Return the whole listing unchanged. Drop the images.
##### EXTRACTED INFORMATION #####
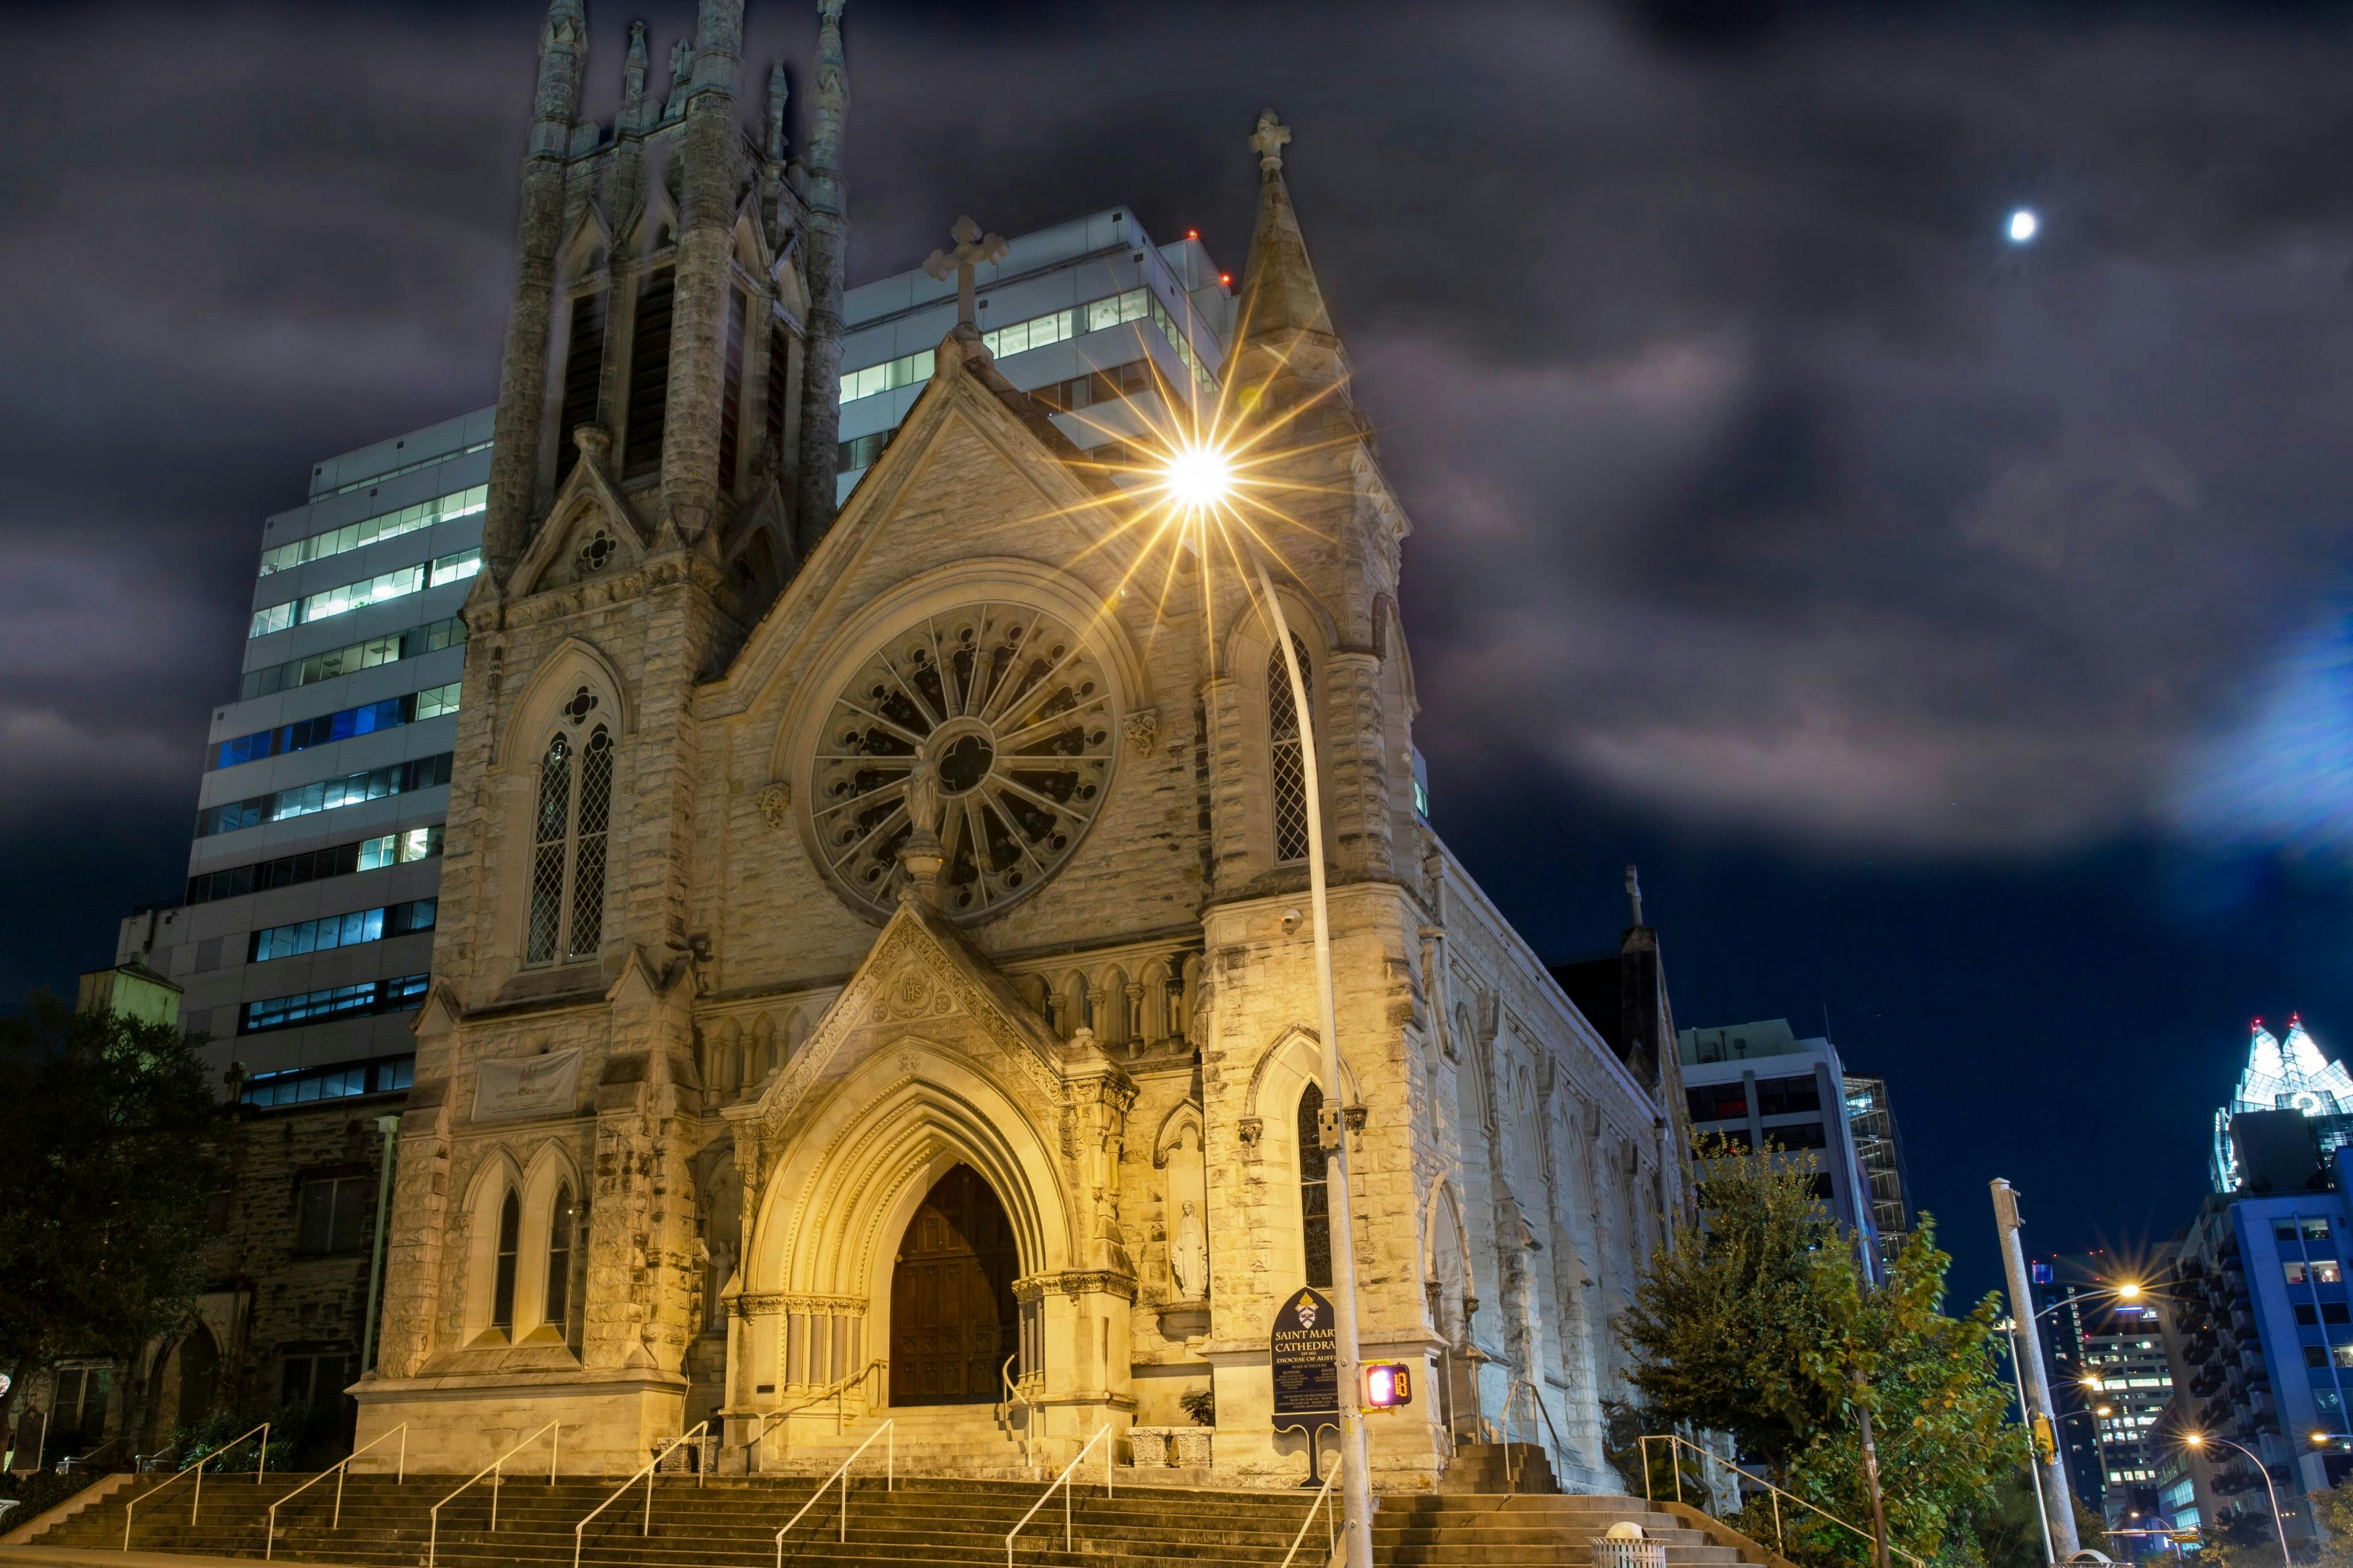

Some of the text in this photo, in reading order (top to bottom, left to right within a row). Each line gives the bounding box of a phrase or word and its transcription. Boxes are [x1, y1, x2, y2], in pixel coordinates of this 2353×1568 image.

[1276, 1328, 1335, 1341] SAINT MAR
[1275, 1341, 1335, 1352] CATHEDRA
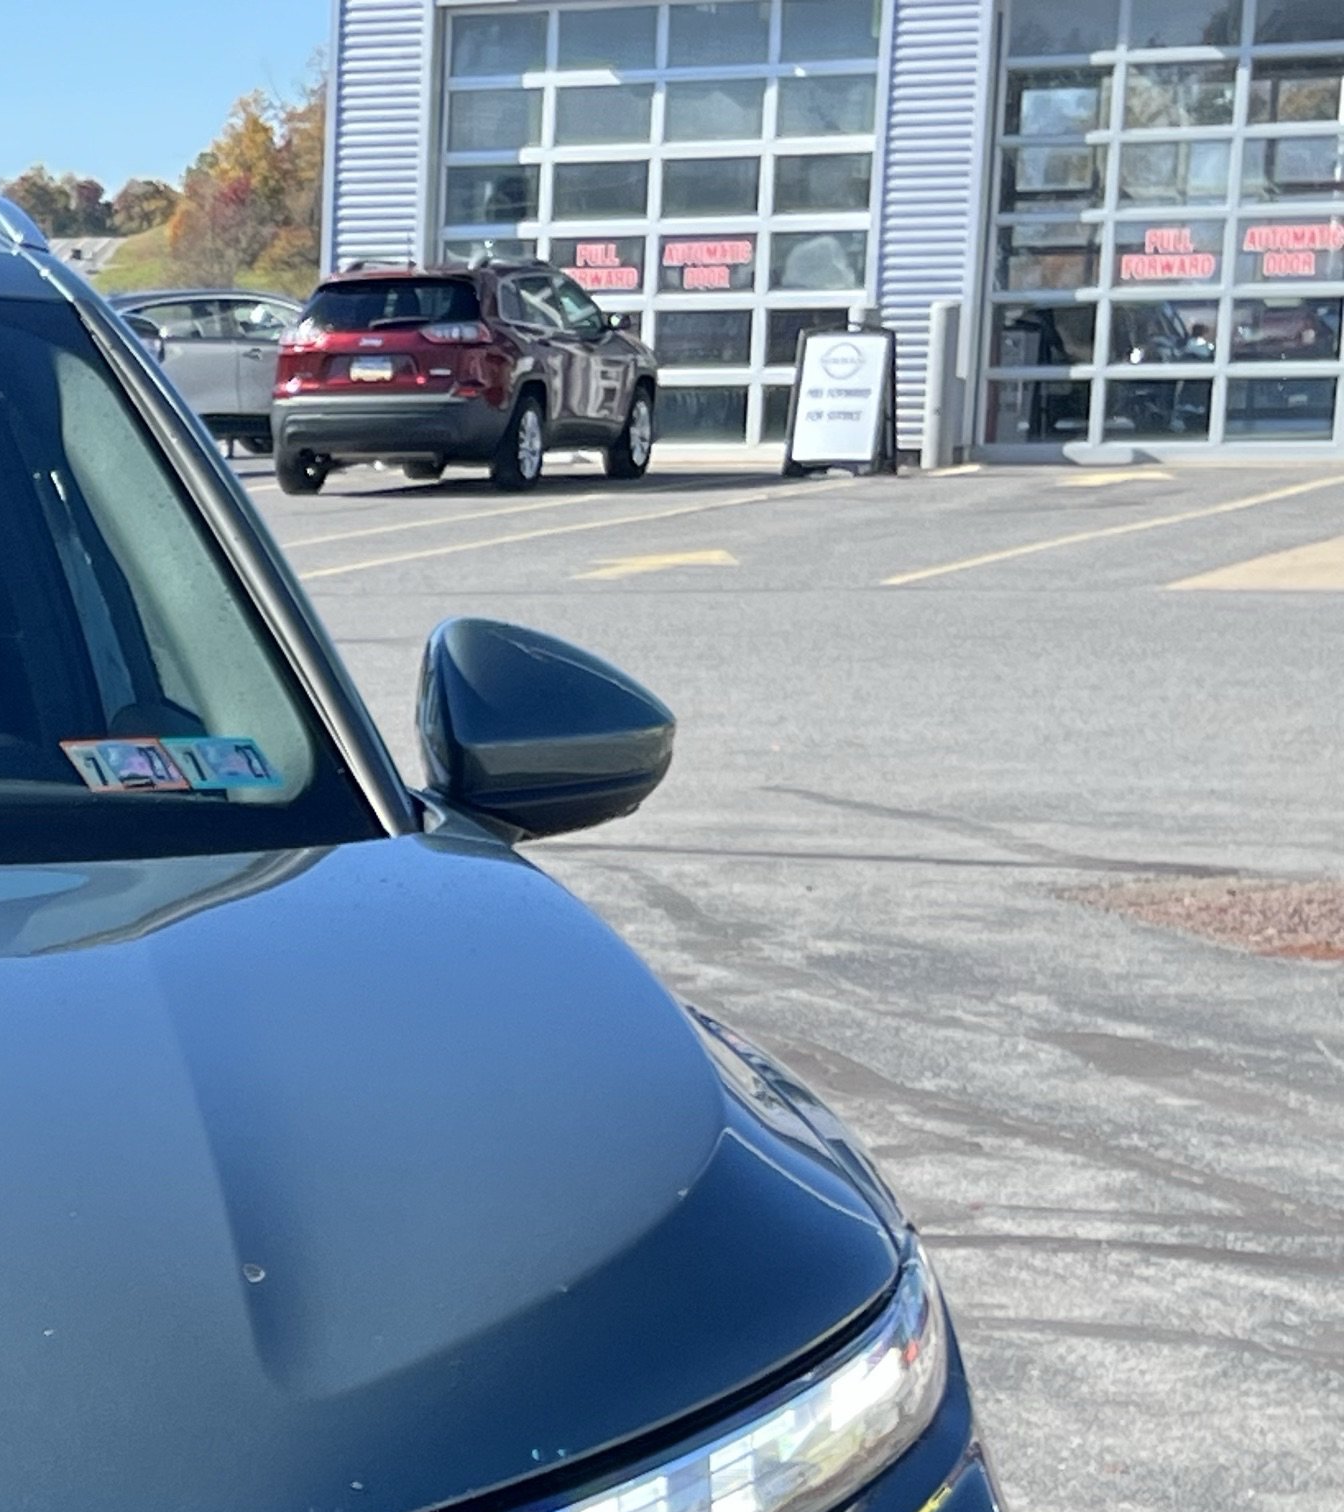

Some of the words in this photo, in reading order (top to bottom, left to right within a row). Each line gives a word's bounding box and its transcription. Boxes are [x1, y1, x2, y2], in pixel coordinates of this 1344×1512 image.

[1144, 228, 1195, 253] PULL
[576, 244, 620, 266] PULL
[663, 241, 752, 266] AUTOMATIC
[1263, 251, 1315, 276] DOOR
[564, 267, 639, 290] RWARD
[1121, 253, 1216, 280] FORWARD
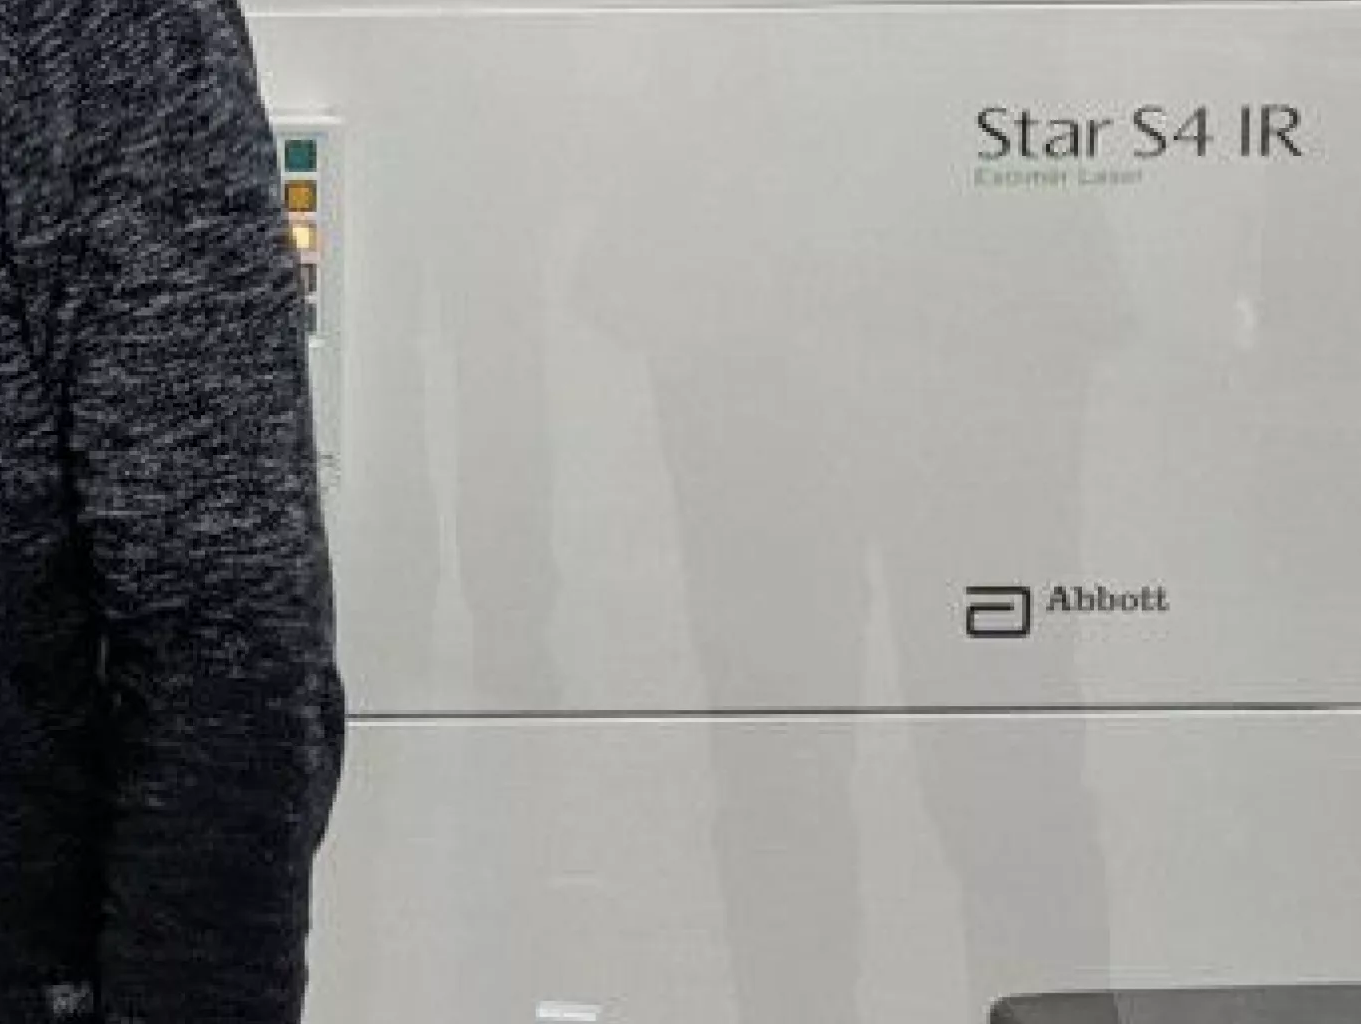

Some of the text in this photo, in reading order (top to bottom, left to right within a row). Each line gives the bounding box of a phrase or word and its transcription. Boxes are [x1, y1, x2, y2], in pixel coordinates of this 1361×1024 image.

[976, 104, 1304, 160] Star S4 IR
[1045, 585, 1170, 612] Abbott
#####
COMPLETED TASK →
Some of the text in this photo, in reading order (top to bottom, left to right within a row). Each line gives the bounding box of a phrase or word and its transcription. Boxes are [x1, y1, x2, y2], in pixel coordinates of this 2353×1568 image.

[1276, 1328, 1335, 1341] SAINT MAR
[1275, 1341, 1335, 1352] CATHEDRA

Some of the words in this photo, in reading order (top to bottom, left to right within a row). Each line gives a word's bounding box and its transcription. Boxes are [x1, y1, x2, y2], in pixel coordinates of this 1344×1512 image.

[1144, 228, 1195, 253] PULL
[576, 244, 620, 266] PULL
[663, 241, 752, 266] AUTOMATIC
[1263, 251, 1315, 276] DOOR
[564, 267, 639, 290] RWARD
[1121, 253, 1216, 280] FORWARD

Some of the text in this photo, in reading order (top to bottom, left to right within a row). Each line gives the bounding box of a phrase or word and its transcription. Boxes are [x1, y1, x2, y2], in pixel coordinates of this 1361×1024 image.

[976, 104, 1304, 160] Star S4 IR
[1045, 585, 1170, 612] Abbott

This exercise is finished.